╭─ DATA SECTION
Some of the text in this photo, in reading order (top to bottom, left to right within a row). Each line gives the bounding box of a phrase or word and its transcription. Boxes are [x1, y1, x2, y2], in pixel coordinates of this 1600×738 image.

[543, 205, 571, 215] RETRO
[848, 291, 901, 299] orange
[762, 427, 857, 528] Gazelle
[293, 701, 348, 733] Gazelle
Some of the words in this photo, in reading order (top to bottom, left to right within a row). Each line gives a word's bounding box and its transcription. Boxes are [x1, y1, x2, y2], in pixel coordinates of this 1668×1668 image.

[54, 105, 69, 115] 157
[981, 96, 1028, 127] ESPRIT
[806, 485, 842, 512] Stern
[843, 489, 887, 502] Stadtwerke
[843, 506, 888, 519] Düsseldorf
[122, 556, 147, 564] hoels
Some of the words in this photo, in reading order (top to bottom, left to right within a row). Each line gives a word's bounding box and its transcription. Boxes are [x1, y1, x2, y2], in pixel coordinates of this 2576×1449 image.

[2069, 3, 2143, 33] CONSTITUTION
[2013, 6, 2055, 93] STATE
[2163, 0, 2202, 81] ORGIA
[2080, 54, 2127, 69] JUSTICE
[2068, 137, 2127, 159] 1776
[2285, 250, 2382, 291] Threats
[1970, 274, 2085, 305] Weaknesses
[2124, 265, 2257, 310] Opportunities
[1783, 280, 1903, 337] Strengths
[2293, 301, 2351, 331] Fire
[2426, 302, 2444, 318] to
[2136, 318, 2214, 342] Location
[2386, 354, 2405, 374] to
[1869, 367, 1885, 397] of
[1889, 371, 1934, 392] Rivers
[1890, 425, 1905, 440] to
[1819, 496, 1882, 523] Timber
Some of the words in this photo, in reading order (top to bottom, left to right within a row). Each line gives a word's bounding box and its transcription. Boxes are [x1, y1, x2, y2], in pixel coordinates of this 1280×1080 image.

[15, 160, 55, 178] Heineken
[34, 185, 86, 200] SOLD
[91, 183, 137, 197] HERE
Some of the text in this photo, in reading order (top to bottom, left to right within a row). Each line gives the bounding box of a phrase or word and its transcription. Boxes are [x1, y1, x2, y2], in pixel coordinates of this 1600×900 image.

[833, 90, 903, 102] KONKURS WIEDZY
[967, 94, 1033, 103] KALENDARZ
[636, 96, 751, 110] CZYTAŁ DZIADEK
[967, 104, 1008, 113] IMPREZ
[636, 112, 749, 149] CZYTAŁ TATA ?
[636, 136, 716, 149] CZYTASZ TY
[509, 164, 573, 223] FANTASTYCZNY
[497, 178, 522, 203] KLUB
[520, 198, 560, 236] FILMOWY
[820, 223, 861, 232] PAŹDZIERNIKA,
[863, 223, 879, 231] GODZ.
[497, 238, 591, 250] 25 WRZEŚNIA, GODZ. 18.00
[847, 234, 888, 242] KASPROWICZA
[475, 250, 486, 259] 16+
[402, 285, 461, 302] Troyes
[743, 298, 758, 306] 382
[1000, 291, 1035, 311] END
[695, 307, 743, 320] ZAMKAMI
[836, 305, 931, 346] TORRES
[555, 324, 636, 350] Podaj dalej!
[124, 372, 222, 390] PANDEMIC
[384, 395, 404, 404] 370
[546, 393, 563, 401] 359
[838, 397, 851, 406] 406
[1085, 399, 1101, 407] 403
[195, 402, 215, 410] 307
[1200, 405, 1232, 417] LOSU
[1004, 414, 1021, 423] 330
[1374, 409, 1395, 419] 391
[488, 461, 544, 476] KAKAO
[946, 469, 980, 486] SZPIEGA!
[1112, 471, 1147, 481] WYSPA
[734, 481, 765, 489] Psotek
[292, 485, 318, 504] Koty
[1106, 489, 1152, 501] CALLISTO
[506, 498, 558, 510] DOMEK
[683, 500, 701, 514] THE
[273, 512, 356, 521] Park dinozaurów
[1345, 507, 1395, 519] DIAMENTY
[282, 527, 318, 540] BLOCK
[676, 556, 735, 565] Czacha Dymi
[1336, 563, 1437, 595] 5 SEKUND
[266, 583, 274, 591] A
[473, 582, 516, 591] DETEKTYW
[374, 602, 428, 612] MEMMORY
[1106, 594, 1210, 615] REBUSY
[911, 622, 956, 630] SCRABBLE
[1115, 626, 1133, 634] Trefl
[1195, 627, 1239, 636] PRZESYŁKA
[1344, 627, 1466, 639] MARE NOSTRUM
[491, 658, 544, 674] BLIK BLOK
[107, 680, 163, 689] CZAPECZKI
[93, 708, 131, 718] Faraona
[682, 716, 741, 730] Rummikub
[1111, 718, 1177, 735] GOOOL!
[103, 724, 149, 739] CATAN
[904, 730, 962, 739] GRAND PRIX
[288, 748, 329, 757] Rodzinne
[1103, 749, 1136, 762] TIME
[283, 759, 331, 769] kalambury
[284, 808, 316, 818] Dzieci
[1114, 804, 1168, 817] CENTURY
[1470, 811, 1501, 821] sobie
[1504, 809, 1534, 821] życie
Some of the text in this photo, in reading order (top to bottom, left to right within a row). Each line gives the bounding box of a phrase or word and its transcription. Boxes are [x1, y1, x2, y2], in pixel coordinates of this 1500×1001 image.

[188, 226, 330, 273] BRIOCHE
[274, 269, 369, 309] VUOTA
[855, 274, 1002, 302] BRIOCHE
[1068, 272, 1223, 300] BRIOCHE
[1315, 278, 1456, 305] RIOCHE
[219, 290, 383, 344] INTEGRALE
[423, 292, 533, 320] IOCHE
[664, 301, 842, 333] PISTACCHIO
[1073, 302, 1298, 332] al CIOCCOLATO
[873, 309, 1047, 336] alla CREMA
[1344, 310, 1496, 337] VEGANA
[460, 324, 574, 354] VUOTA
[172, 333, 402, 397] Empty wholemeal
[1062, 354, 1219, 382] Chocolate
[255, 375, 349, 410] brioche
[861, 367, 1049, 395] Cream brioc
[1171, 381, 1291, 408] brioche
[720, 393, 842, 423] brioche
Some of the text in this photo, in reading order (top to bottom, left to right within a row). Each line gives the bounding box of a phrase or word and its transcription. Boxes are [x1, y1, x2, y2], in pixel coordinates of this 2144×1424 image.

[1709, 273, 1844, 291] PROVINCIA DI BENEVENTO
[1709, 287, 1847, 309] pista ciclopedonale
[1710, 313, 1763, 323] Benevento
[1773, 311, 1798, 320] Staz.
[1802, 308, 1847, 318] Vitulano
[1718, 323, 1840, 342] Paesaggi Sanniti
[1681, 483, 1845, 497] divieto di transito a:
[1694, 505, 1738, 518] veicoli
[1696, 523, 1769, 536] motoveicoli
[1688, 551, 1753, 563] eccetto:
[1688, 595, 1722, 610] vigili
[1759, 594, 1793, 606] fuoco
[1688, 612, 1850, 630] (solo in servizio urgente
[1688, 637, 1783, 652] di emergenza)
╰─
▸ THE PROBLEM:
Reproduce the entries above exactly, every line included.

▸ WRITTEN SOLUTION:
Some of the text in this photo, in reading order (top to bottom, left to right within a row). Each line gives the bounding box of a phrase or word and its transcription. Boxes are [x1, y1, x2, y2], in pixel coordinates of this 1600×738 image.

[543, 205, 571, 215] RETRO
[848, 291, 901, 299] orange
[762, 427, 857, 528] Gazelle
[293, 701, 348, 733] Gazelle
Some of the words in this photo, in reading order (top to bottom, left to right within a row). Each line gives a word's bounding box and its transcription. Boxes are [x1, y1, x2, y2], in pixel coordinates of this 1668×1668 image.

[54, 105, 69, 115] 157
[981, 96, 1028, 127] ESPRIT
[806, 485, 842, 512] Stern
[843, 489, 887, 502] Stadtwerke
[843, 506, 888, 519] Düsseldorf
[122, 556, 147, 564] hoels
Some of the words in this photo, in reading order (top to bottom, left to right within a row). Each line gives a word's bounding box and its transcription. Boxes are [x1, y1, x2, y2], in pixel coordinates of this 2576×1449 image.

[2069, 3, 2143, 33] CONSTITUTION
[2013, 6, 2055, 93] STATE
[2163, 0, 2202, 81] ORGIA
[2080, 54, 2127, 69] JUSTICE
[2068, 137, 2127, 159] 1776
[2285, 250, 2382, 291] Threats
[1970, 274, 2085, 305] Weaknesses
[2124, 265, 2257, 310] Opportunities
[1783, 280, 1903, 337] Strengths
[2293, 301, 2351, 331] Fire
[2426, 302, 2444, 318] to
[2136, 318, 2214, 342] Location
[2386, 354, 2405, 374] to
[1869, 367, 1885, 397] of
[1889, 371, 1934, 392] Rivers
[1890, 425, 1905, 440] to
[1819, 496, 1882, 523] Timber
Some of the words in this photo, in reading order (top to bottom, left to right within a row). Each line gives a word's bounding box and its transcription. Boxes are [x1, y1, x2, y2], in pixel coordinates of this 1280×1080 image.

[15, 160, 55, 178] Heineken
[34, 185, 86, 200] SOLD
[91, 183, 137, 197] HERE
Some of the text in this photo, in reading order (top to bottom, left to right within a row). Each line gives the bounding box of a phrase or word and its transcription. Boxes are [x1, y1, x2, y2], in pixel coordinates of this 1600×900 image.

[833, 90, 903, 102] KONKURS WIEDZY
[967, 94, 1033, 103] KALENDARZ
[636, 96, 751, 110] CZYTAŁ DZIADEK
[967, 104, 1008, 113] IMPREZ
[636, 112, 749, 149] CZYTAŁ TATA ?
[636, 136, 716, 149] CZYTASZ TY
[509, 164, 573, 223] FANTASTYCZNY
[497, 178, 522, 203] KLUB
[520, 198, 560, 236] FILMOWY
[820, 223, 861, 232] PAŹDZIERNIKA,
[863, 223, 879, 231] GODZ.
[497, 238, 591, 250] 25 WRZEŚNIA, GODZ. 18.00
[847, 234, 888, 242] KASPROWICZA
[475, 250, 486, 259] 16+
[402, 285, 461, 302] Troyes
[743, 298, 758, 306] 382
[1000, 291, 1035, 311] END
[695, 307, 743, 320] ZAMKAMI
[836, 305, 931, 346] TORRES
[555, 324, 636, 350] Podaj dalej!
[124, 372, 222, 390] PANDEMIC
[384, 395, 404, 404] 370
[546, 393, 563, 401] 359
[838, 397, 851, 406] 406
[1085, 399, 1101, 407] 403
[195, 402, 215, 410] 307
[1200, 405, 1232, 417] LOSU
[1004, 414, 1021, 423] 330
[1374, 409, 1395, 419] 391
[488, 461, 544, 476] KAKAO
[946, 469, 980, 486] SZPIEGA!
[1112, 471, 1147, 481] WYSPA
[734, 481, 765, 489] Psotek
[292, 485, 318, 504] Koty
[1106, 489, 1152, 501] CALLISTO
[506, 498, 558, 510] DOMEK
[683, 500, 701, 514] THE
[273, 512, 356, 521] Park dinozaurów
[1345, 507, 1395, 519] DIAMENTY
[282, 527, 318, 540] BLOCK
[676, 556, 735, 565] Czacha Dymi
[1336, 563, 1437, 595] 5 SEKUND
[266, 583, 274, 591] A
[473, 582, 516, 591] DETEKTYW
[374, 602, 428, 612] MEMMORY
[1106, 594, 1210, 615] REBUSY
[911, 622, 956, 630] SCRABBLE
[1115, 626, 1133, 634] Trefl
[1195, 627, 1239, 636] PRZESYŁKA
[1344, 627, 1466, 639] MARE NOSTRUM
[491, 658, 544, 674] BLIK BLOK
[107, 680, 163, 689] CZAPECZKI
[93, 708, 131, 718] Faraona
[682, 716, 741, 730] Rummikub
[1111, 718, 1177, 735] GOOOL!
[103, 724, 149, 739] CATAN
[904, 730, 962, 739] GRAND PRIX
[288, 748, 329, 757] Rodzinne
[1103, 749, 1136, 762] TIME
[283, 759, 331, 769] kalambury
[284, 808, 316, 818] Dzieci
[1114, 804, 1168, 817] CENTURY
[1470, 811, 1501, 821] sobie
[1504, 809, 1534, 821] życie
Some of the text in this photo, in reading order (top to bottom, left to right within a row). Each line gives the bounding box of a phrase or word and its transcription. Boxes are [x1, y1, x2, y2], in pixel coordinates of this 1500×1001 image.

[188, 226, 330, 273] BRIOCHE
[274, 269, 369, 309] VUOTA
[855, 274, 1002, 302] BRIOCHE
[1068, 272, 1223, 300] BRIOCHE
[1315, 278, 1456, 305] RIOCHE
[219, 290, 383, 344] INTEGRALE
[423, 292, 533, 320] IOCHE
[664, 301, 842, 333] PISTACCHIO
[1073, 302, 1298, 332] al CIOCCOLATO
[873, 309, 1047, 336] alla CREMA
[1344, 310, 1496, 337] VEGANA
[460, 324, 574, 354] VUOTA
[172, 333, 402, 397] Empty wholemeal
[1062, 354, 1219, 382] Chocolate
[255, 375, 349, 410] brioche
[861, 367, 1049, 395] Cream brioc
[1171, 381, 1291, 408] brioche
[720, 393, 842, 423] brioche
Some of the text in this photo, in reading order (top to bottom, left to right within a row). Each line gives the bounding box of a phrase or word and its transcription. Boxes are [x1, y1, x2, y2], in pixel coordinates of this 2144×1424 image.

[1709, 273, 1844, 291] PROVINCIA DI BENEVENTO
[1709, 287, 1847, 309] pista ciclopedonale
[1710, 313, 1763, 323] Benevento
[1773, 311, 1798, 320] Staz.
[1802, 308, 1847, 318] Vitulano
[1718, 323, 1840, 342] Paesaggi Sanniti
[1681, 483, 1845, 497] divieto di transito a:
[1694, 505, 1738, 518] veicoli
[1696, 523, 1769, 536] motoveicoli
[1688, 551, 1753, 563] eccetto:
[1688, 595, 1722, 610] vigili
[1759, 594, 1793, 606] fuoco
[1688, 612, 1850, 630] (solo in servizio urgente
[1688, 637, 1783, 652] di emergenza)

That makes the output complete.